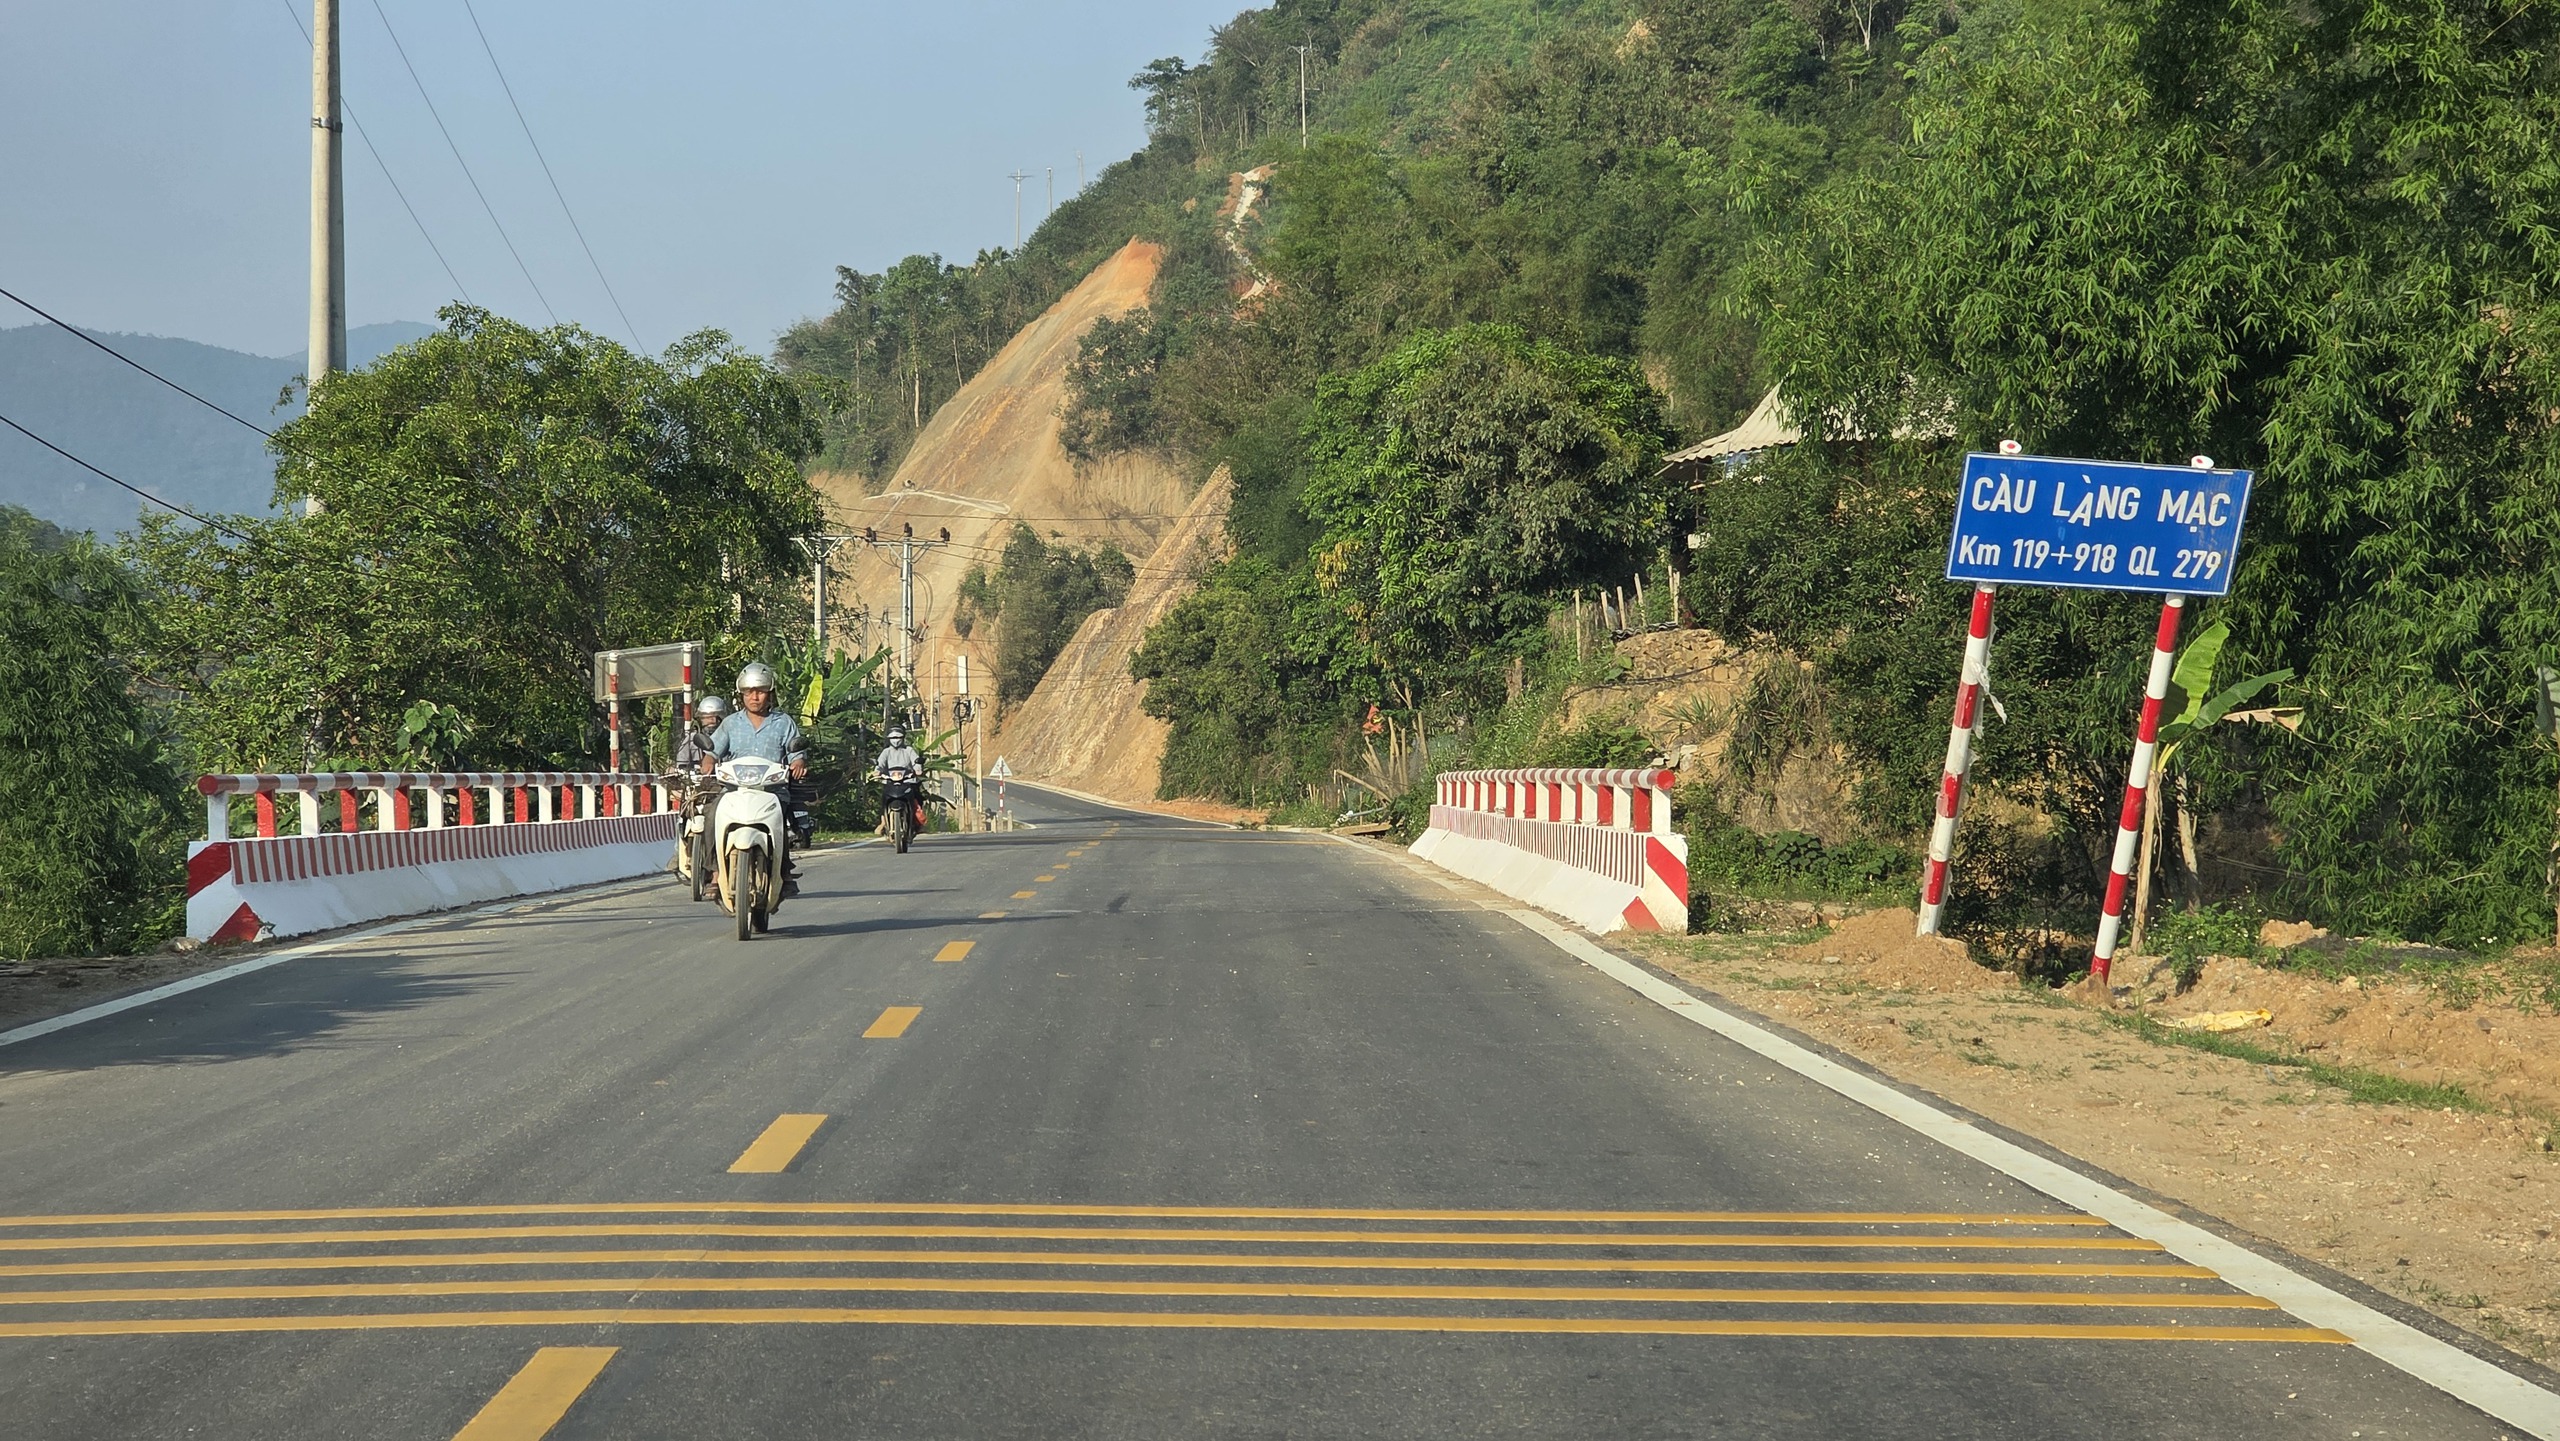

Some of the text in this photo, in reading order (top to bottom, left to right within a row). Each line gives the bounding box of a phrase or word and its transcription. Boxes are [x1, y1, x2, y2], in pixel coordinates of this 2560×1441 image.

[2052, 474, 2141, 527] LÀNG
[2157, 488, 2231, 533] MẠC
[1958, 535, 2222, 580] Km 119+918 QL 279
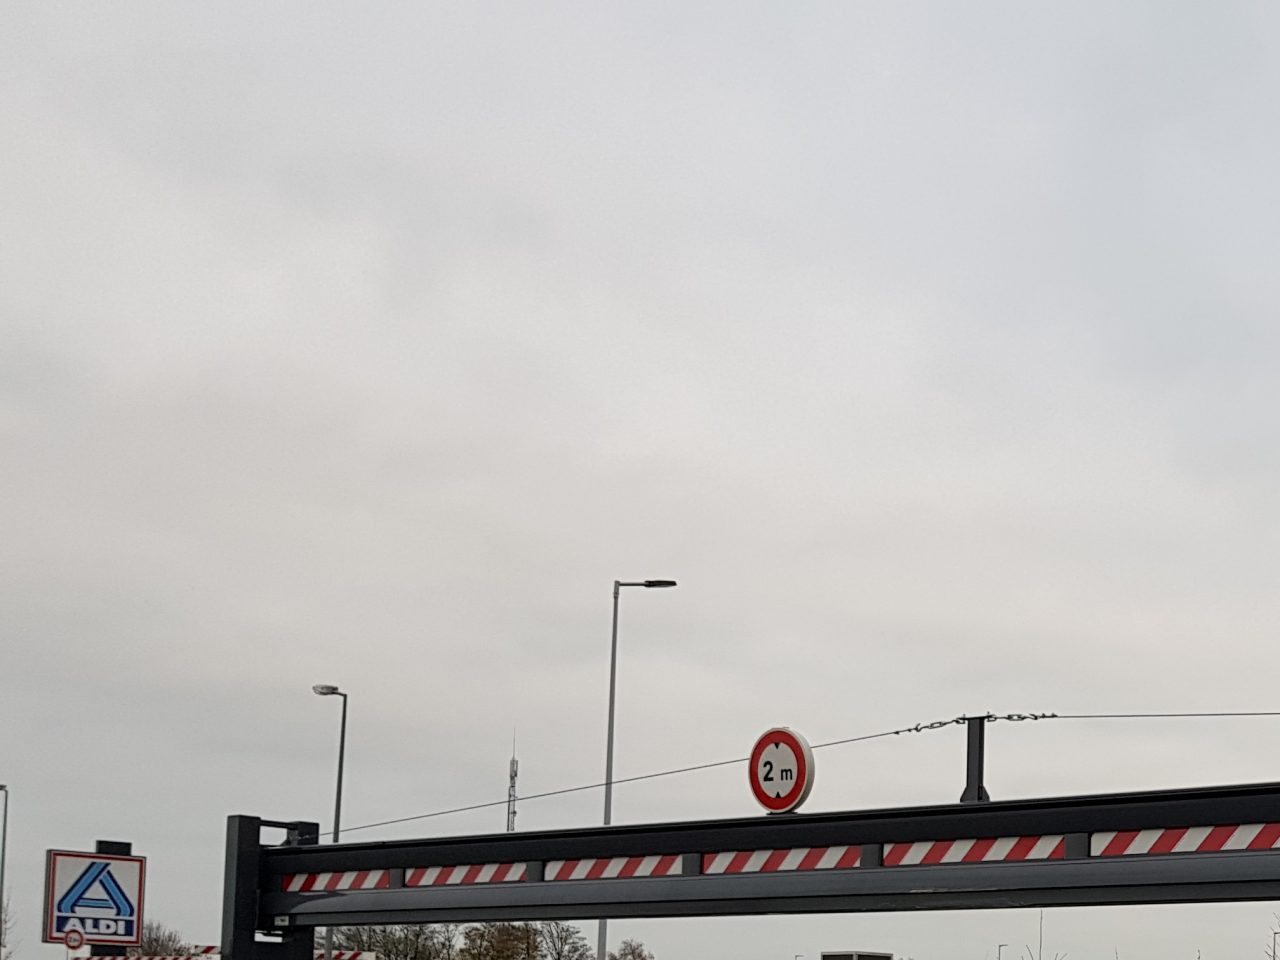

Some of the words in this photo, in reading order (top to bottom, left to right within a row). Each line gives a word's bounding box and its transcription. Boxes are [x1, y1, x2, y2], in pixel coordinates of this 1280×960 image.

## Task directions
Please reproduce the records above exactly, leaving out every picture.

## Answer space
Some of the text in this photo, in reading order (top to bottom, left to right within a row). Each line gives the bounding box of a phrase or word and its transcription. Boxes are [x1, y1, x2, y2], in pixel coordinates of this 2560×1441 image.

[2052, 474, 2141, 527] LÀNG
[2157, 488, 2231, 533] MẠC
[1958, 535, 2222, 580] Km 119+918 QL 279

Some of the words in this photo, in reading order (top to bottom, left to right within a row). Each line gives a word's bounding box and its transcription. Boxes are [x1, y1, x2, y2], in pixel coordinates of this 1280×960 image.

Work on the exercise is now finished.